## PROBLEM
In full and exactly, please return the records, but keep out the pictures.

Start of INFORMATION

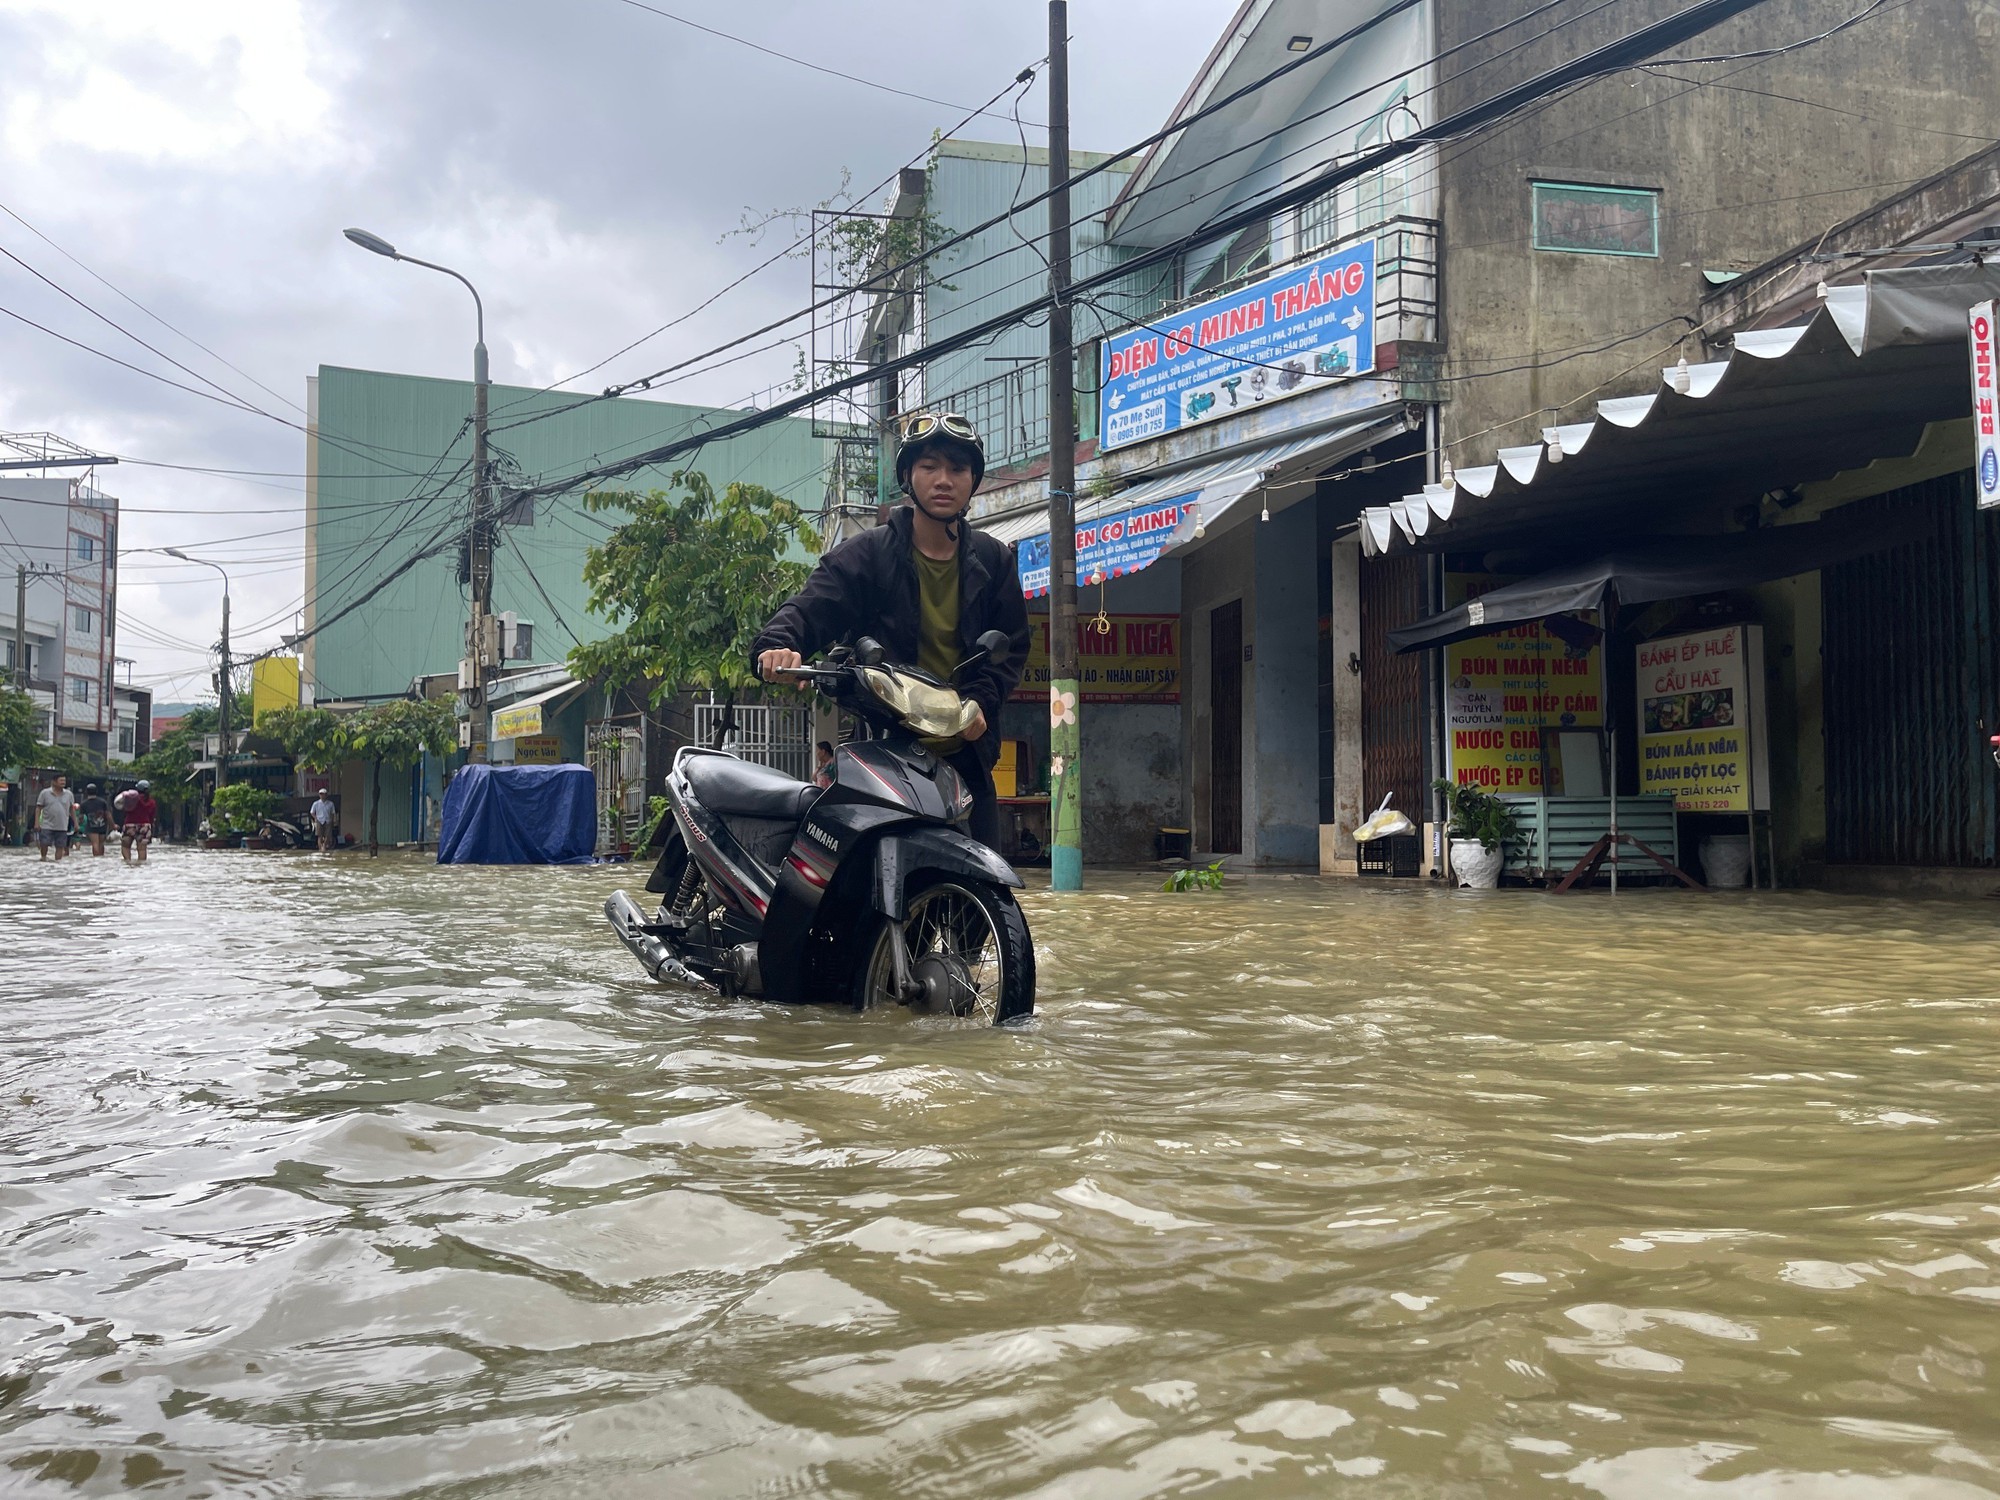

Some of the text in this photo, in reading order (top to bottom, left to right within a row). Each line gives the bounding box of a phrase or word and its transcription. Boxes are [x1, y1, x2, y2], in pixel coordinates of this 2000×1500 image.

[1107, 262, 1365, 381] ĐIỆN CƠ MINH THẮNG
[1119, 403, 1163, 428] 70 Mẹ Suốt
[1975, 397, 1994, 435] BÉ
[1118, 419, 1163, 441] 0905 910 755
[1076, 528, 1096, 553] ỆN
[1101, 520, 1126, 543] CƠ
[1127, 506, 1178, 537] MINH
[1041, 622, 1175, 656] TANH NGA
[1640, 628, 1738, 668] BÁNH ÉP HUẾ
[1461, 656, 1498, 675] BÚN
[1503, 653, 1546, 675] MẮM
[1024, 668, 1031, 682] &
[1085, 667, 1097, 683] ÁO
[1106, 667, 1134, 686] NHẬN
[1135, 667, 1155, 686] GIẶT
[1158, 667, 1177, 683] SẤY
[1690, 668, 1722, 688] HAI
[1468, 691, 1487, 702] CẦN
[1503, 695, 1528, 713] HUA
[1533, 690, 1561, 713] NẾP
[1452, 714, 1502, 724] NGƯỜI LÀM
[1505, 715, 1526, 725] NHÀ
[1455, 728, 1504, 750] NƯỚC
[1510, 726, 1540, 749] GIẢ
[1645, 736, 1738, 760] BÚN MẮM NÊM
[517, 747, 539, 758] Ngọc
[1505, 751, 1526, 763] CÁC
[1457, 764, 1501, 787] NƯỚC
[1506, 764, 1524, 786] ÉP
[1646, 761, 1737, 782] BÁNH BỘT LỌC
[1681, 784, 1704, 796] GIẢI
[1706, 783, 1741, 796] KHÁT
[1675, 800, 1729, 810] 935 175 220
[679, 804, 707, 842] Sirius
[806, 821, 839, 852] YAMAHA
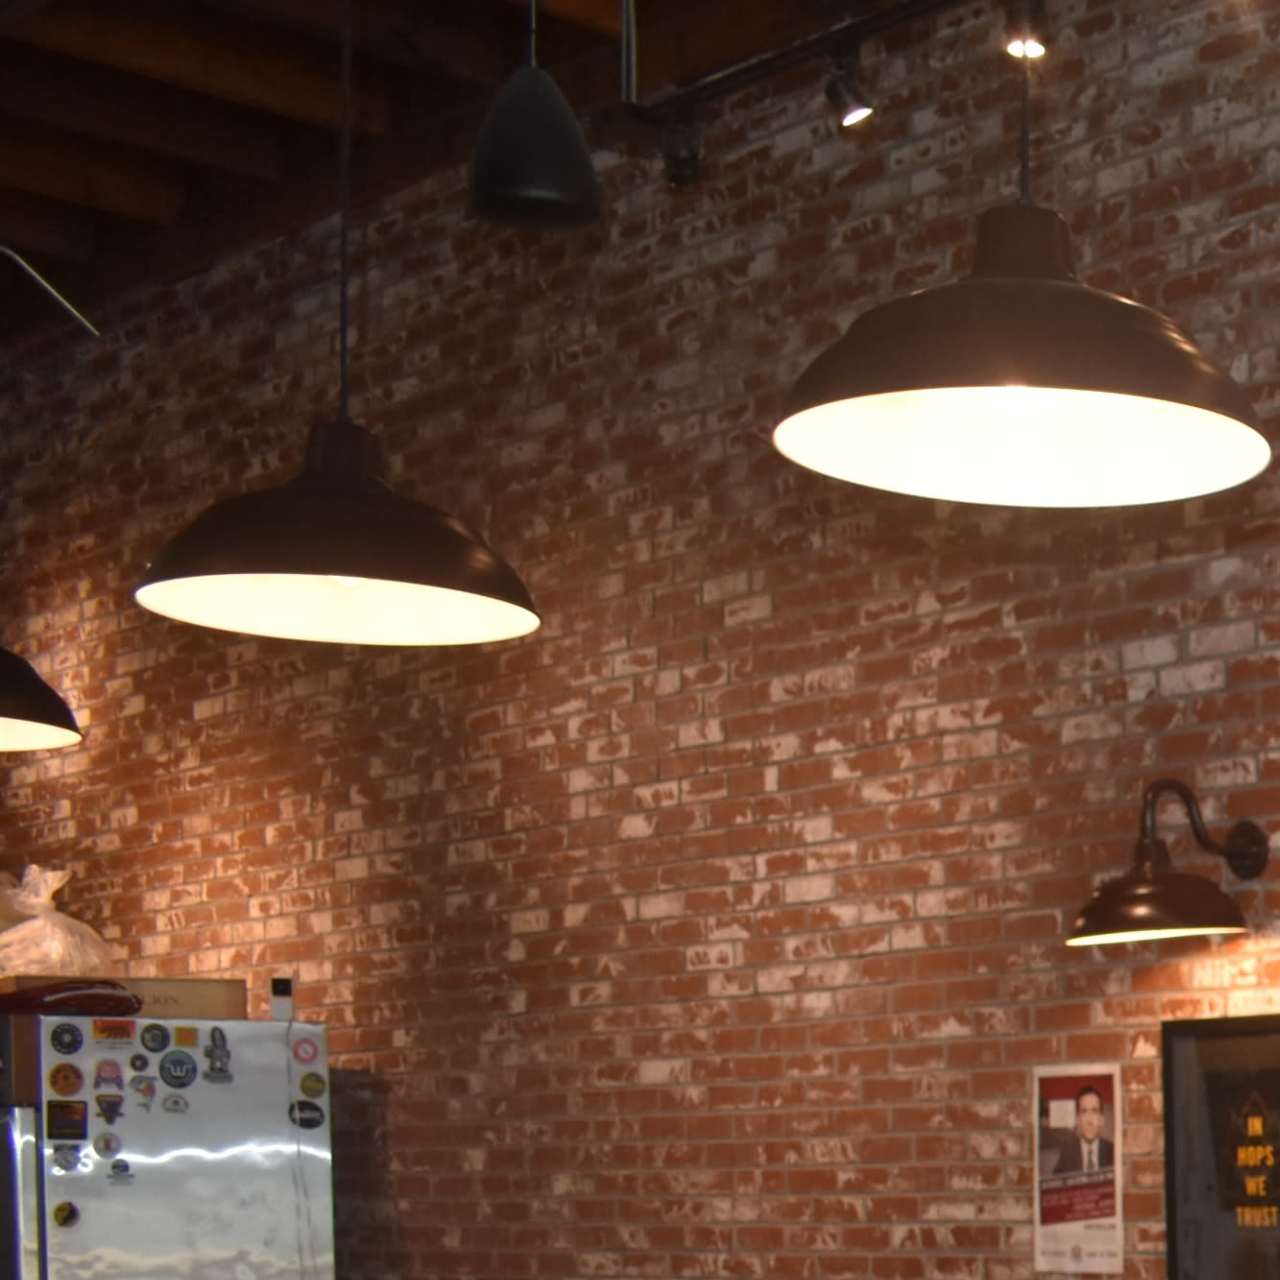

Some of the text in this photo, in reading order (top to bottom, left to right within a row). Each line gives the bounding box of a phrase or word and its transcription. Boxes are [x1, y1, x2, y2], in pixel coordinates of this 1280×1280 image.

[1247, 1116, 1264, 1137] IN
[1237, 1146, 1275, 1168] HOPS
[1245, 1176, 1267, 1197] WE
[1236, 1206, 1279, 1228] TRUST
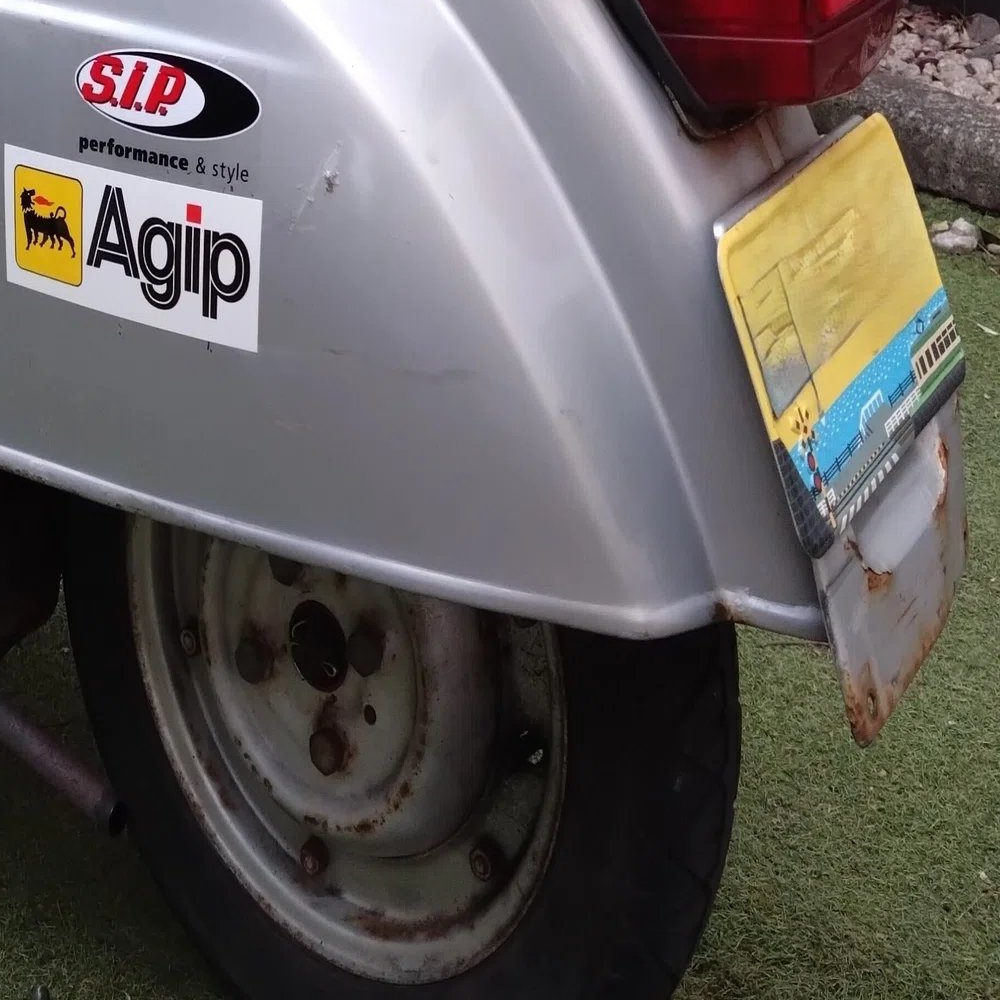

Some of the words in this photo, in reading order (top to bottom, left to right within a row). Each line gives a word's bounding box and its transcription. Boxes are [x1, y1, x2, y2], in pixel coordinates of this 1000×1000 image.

End of INFORMATION

## EXERCISE RESPONSE
Some of the text in this photo, in reading order (top to bottom, left to right within a row). Each line gives the bounding box of a phrase or word and its transcription. Boxes are [x1, y1, x2, y2], in pixel coordinates of this 2000×1500 image.

[1107, 262, 1365, 381] ĐIỆN CƠ MINH THẮNG
[1119, 403, 1163, 428] 70 Mẹ Suốt
[1975, 397, 1994, 435] BÉ
[1118, 419, 1163, 441] 0905 910 755
[1076, 528, 1096, 553] ỆN
[1101, 520, 1126, 543] CƠ
[1127, 506, 1178, 537] MINH
[1041, 622, 1175, 656] TANH NGA
[1640, 628, 1738, 668] BÁNH ÉP HUẾ
[1461, 656, 1498, 675] BÚN
[1503, 653, 1546, 675] MẮM
[1024, 668, 1031, 682] &
[1085, 667, 1097, 683] ÁO
[1106, 667, 1134, 686] NHẬN
[1135, 667, 1155, 686] GIẶT
[1158, 667, 1177, 683] SẤY
[1690, 668, 1722, 688] HAI
[1468, 691, 1487, 702] CẦN
[1503, 695, 1528, 713] HUA
[1533, 690, 1561, 713] NẾP
[1452, 714, 1502, 724] NGƯỜI LÀM
[1505, 715, 1526, 725] NHÀ
[1455, 728, 1504, 750] NƯỚC
[1510, 726, 1540, 749] GIẢ
[1645, 736, 1738, 760] BÚN MẮM NÊM
[517, 747, 539, 758] Ngọc
[1505, 751, 1526, 763] CÁC
[1457, 764, 1501, 787] NƯỚC
[1506, 764, 1524, 786] ÉP
[1646, 761, 1737, 782] BÁNH BỘT LỌC
[1681, 784, 1704, 796] GIẢI
[1706, 783, 1741, 796] KHÁT
[1675, 800, 1729, 810] 935 175 220
[679, 804, 707, 842] Sirius
[806, 821, 839, 852] YAMAHA

Some of the text in this photo, in reading order (top to bottom, left to right within a row). Each line gives the bounding box of a phrase or word and its transcription. Boxes are [x1, y1, x2, y2], in pixel coordinates of this 1280×1280 image.

[1247, 1116, 1264, 1137] IN
[1237, 1146, 1275, 1168] HOPS
[1245, 1176, 1267, 1197] WE
[1236, 1206, 1279, 1228] TRUST

Some of the words in this photo, in reading order (top to bottom, left to right within a row). Each line gives a word's bounding box and its transcription. Boxes are [x1, y1, x2, y2], in pixel coordinates of this 1000×1000 image.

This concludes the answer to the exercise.